BEGIN DATASET ENTRIES

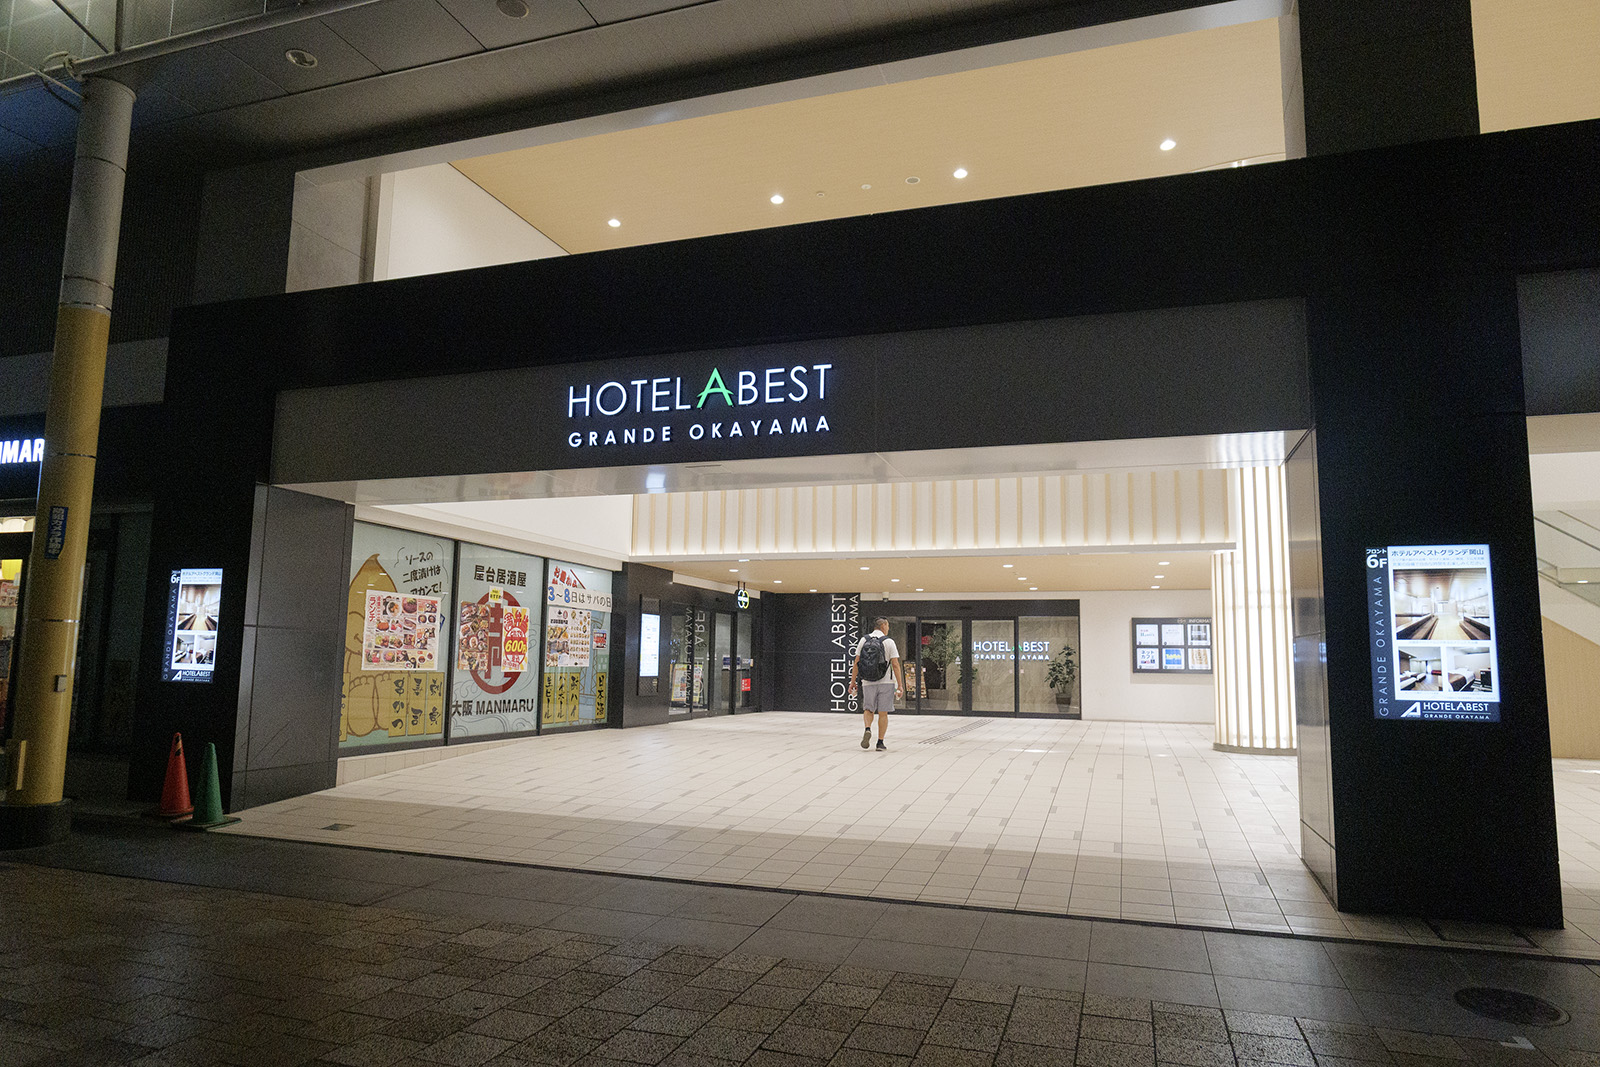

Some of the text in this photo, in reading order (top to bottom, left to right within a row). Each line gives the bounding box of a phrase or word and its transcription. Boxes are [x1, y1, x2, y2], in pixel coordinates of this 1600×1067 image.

[568, 362, 832, 418] HOTEL ABEST
[568, 415, 830, 447] GRANDE OKAYAMA
[0, 438, 45, 464] MAR
[405, 551, 433, 565] ソースの
[1366, 554, 1387, 569] 6F
[403, 565, 441, 583] 二度漬けは
[474, 565, 527, 587] 屋台居酒屋
[167, 588, 177, 635] OKAYAMA
[830, 595, 847, 711] HOTEL ABEST
[973, 641, 1011, 652] HOTEL
[1374, 576, 1389, 716] GRANDE OKAYAMA
[392, 677, 405, 730] 串かつ
[450, 698, 534, 717] 大阪 MANMARU
[1423, 702, 1489, 711] HOTEL ABEST
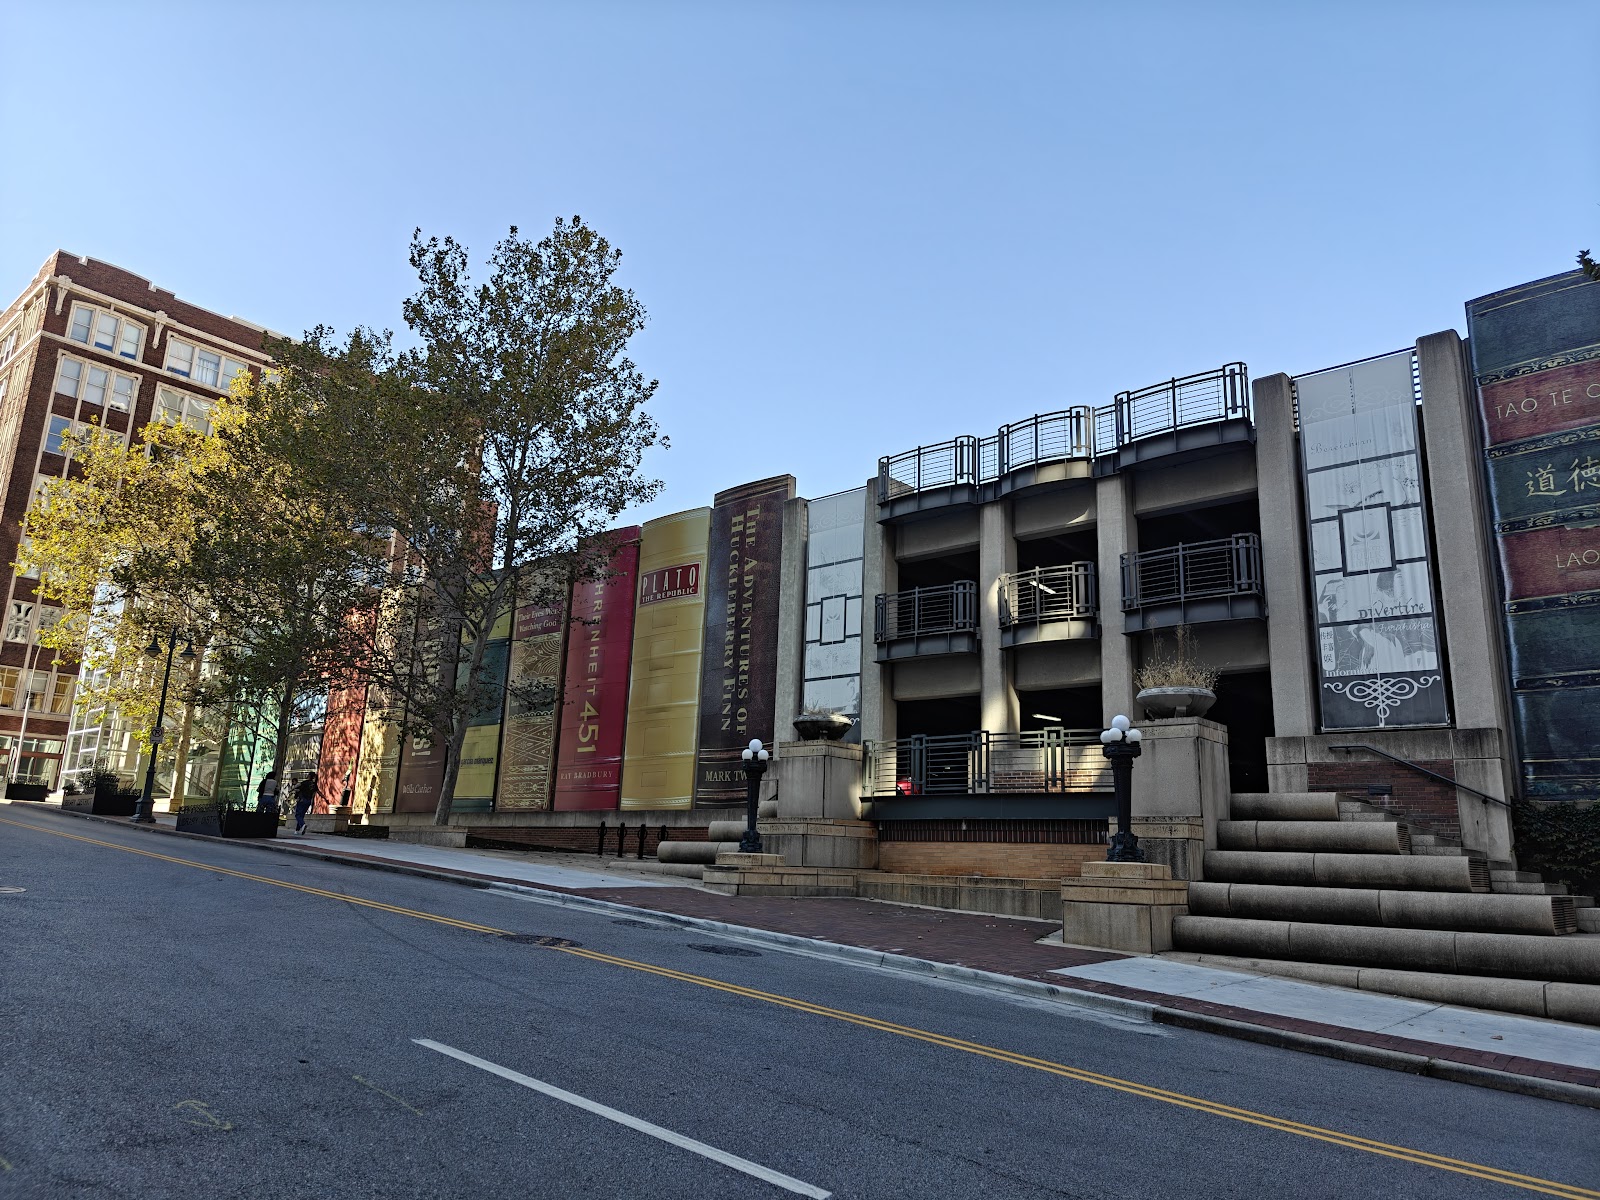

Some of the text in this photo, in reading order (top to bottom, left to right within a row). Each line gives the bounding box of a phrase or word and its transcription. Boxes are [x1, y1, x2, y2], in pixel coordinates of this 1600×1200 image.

[1495, 398, 1538, 419] TAO
[1549, 389, 1573, 406] TE
[1556, 549, 1600, 568] LAO
[642, 566, 696, 596] PLATO
[642, 587, 695, 603] THE REPUBLIC
[721, 514, 745, 731] HUCKLEBERRY FINN
[736, 504, 760, 736] THE ADVENTURES OF
[577, 555, 607, 753] HRENHEIT 451
[574, 770, 613, 779] BRADBURY
[705, 770, 731, 782] MARK

END DATASET ENTRIES

ASSIGNMENT:
Without any pictures, output the entries above exactly as they appear.

EXERCISE RESPONSE:
Some of the text in this photo, in reading order (top to bottom, left to right within a row). Each line gives the bounding box of a phrase or word and its transcription. Boxes are [x1, y1, x2, y2], in pixel coordinates of this 1600×1067 image.

[568, 362, 832, 418] HOTEL ABEST
[568, 415, 830, 447] GRANDE OKAYAMA
[0, 438, 45, 464] MAR
[405, 551, 433, 565] ソースの
[1366, 554, 1387, 569] 6F
[403, 565, 441, 583] 二度漬けは
[474, 565, 527, 587] 屋台居酒屋
[167, 588, 177, 635] OKAYAMA
[830, 595, 847, 711] HOTEL ABEST
[973, 641, 1011, 652] HOTEL
[1374, 576, 1389, 716] GRANDE OKAYAMA
[392, 677, 405, 730] 串かつ
[450, 698, 534, 717] 大阪 MANMARU
[1423, 702, 1489, 711] HOTEL ABEST

Some of the text in this photo, in reading order (top to bottom, left to right within a row). Each line gives the bounding box of a phrase or word and its transcription. Boxes are [x1, y1, x2, y2], in pixel coordinates of this 1600×1200 image.

[1495, 398, 1538, 419] TAO
[1549, 389, 1573, 406] TE
[1556, 549, 1600, 568] LAO
[642, 566, 696, 596] PLATO
[642, 587, 695, 603] THE REPUBLIC
[721, 514, 745, 731] HUCKLEBERRY FINN
[736, 504, 760, 736] THE ADVENTURES OF
[577, 555, 607, 753] HRENHEIT 451
[574, 770, 613, 779] BRADBURY
[705, 770, 731, 782] MARK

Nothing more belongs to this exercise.